I'm a beginner with both Python and RegEx, and I would like to know how to make a string that takes symbols and replaces them with spaces. Any help is great.

For example:

how much for the maple syrup? $20.99? That's ricidulous!!!

into:

how much for the maple syrup 20 99 That s ridiculous
2
  • My advice is to read the documentation for the re library. It includes some pretty good examples. Commented May 18, 2009 at 2:00
  • 15
    Strange this is marked as a duplicate of a question asked over a year later.

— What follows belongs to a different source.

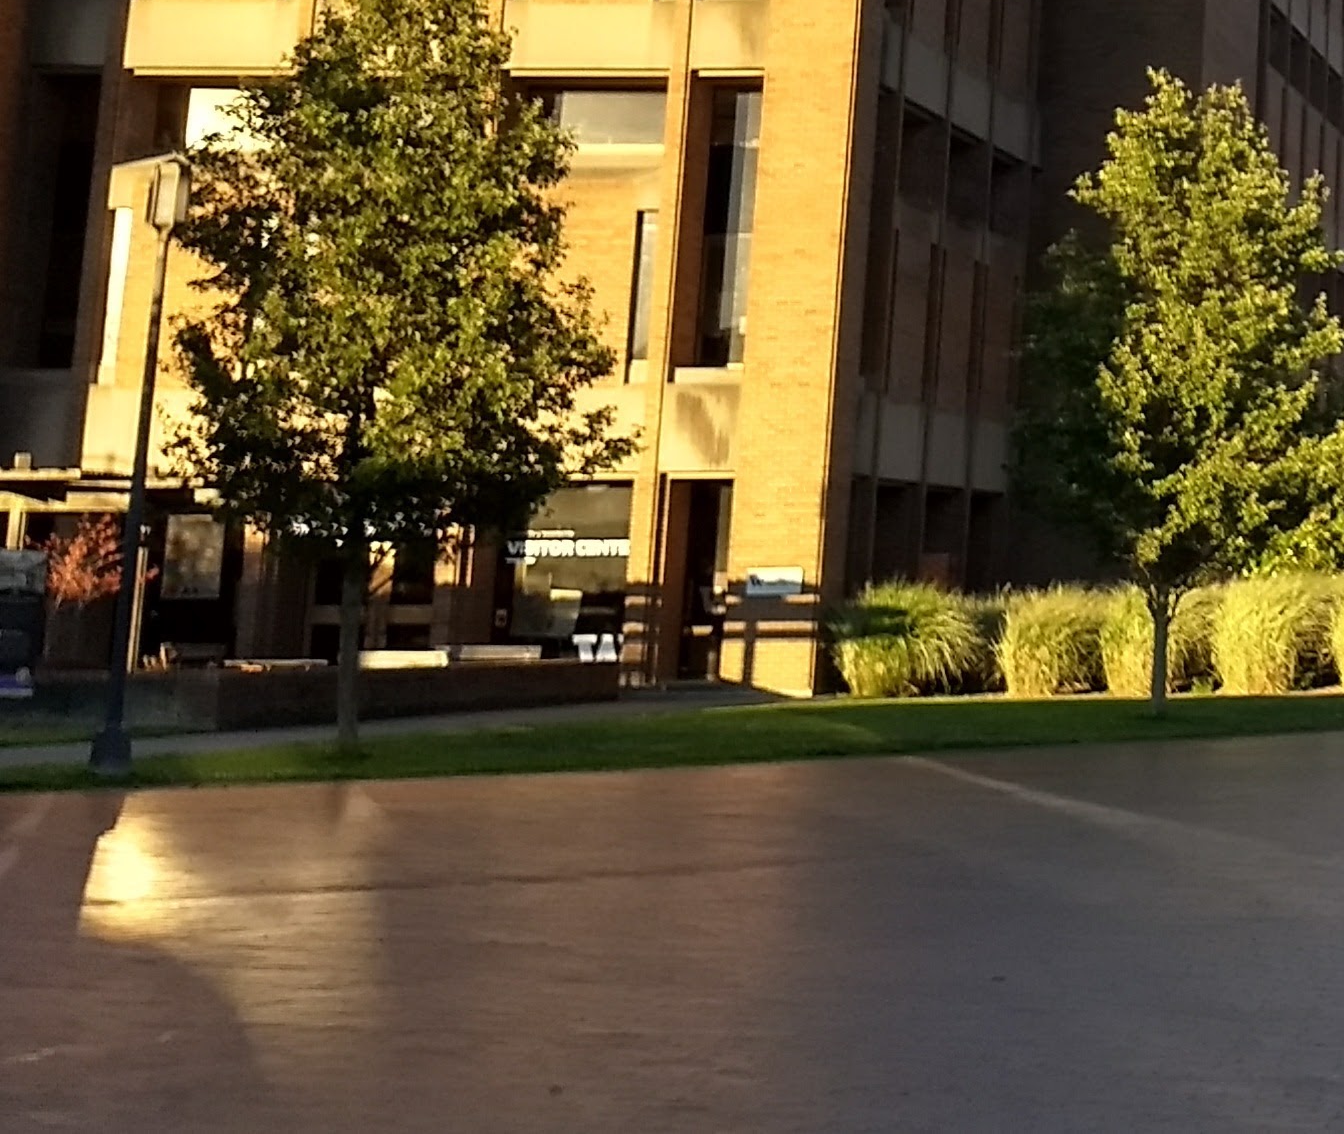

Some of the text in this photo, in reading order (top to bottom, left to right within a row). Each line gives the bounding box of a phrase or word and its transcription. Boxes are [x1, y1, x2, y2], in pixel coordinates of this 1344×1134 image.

Commented Jan 30, 2014 at 0:52

3 Answers 3

212

One way, using regular expressions:

>>> s = "how much for the maple syrup? $20.99? That's ridiculous!!!"
>>> re.sub(r'[^\w]', ' ', s)
'how much for the maple syrup   20 99  That s ridiculous   '
  • \w will match alphanumeric characters and underscores

  • [^\w] will match anything that's not alphanumeric or underscore

Sign up to request clarification or add additional context in comments.

6 Comments

It should be noted that ^\w outside of brackets means 'match an alphanumeric character at the beginning of a line'. It's only within the brackets ( [^\w] ) that the caret symbol means 'ignore every character in here'
in stead of [^\w] you can also use \W, which is the opposite of \w.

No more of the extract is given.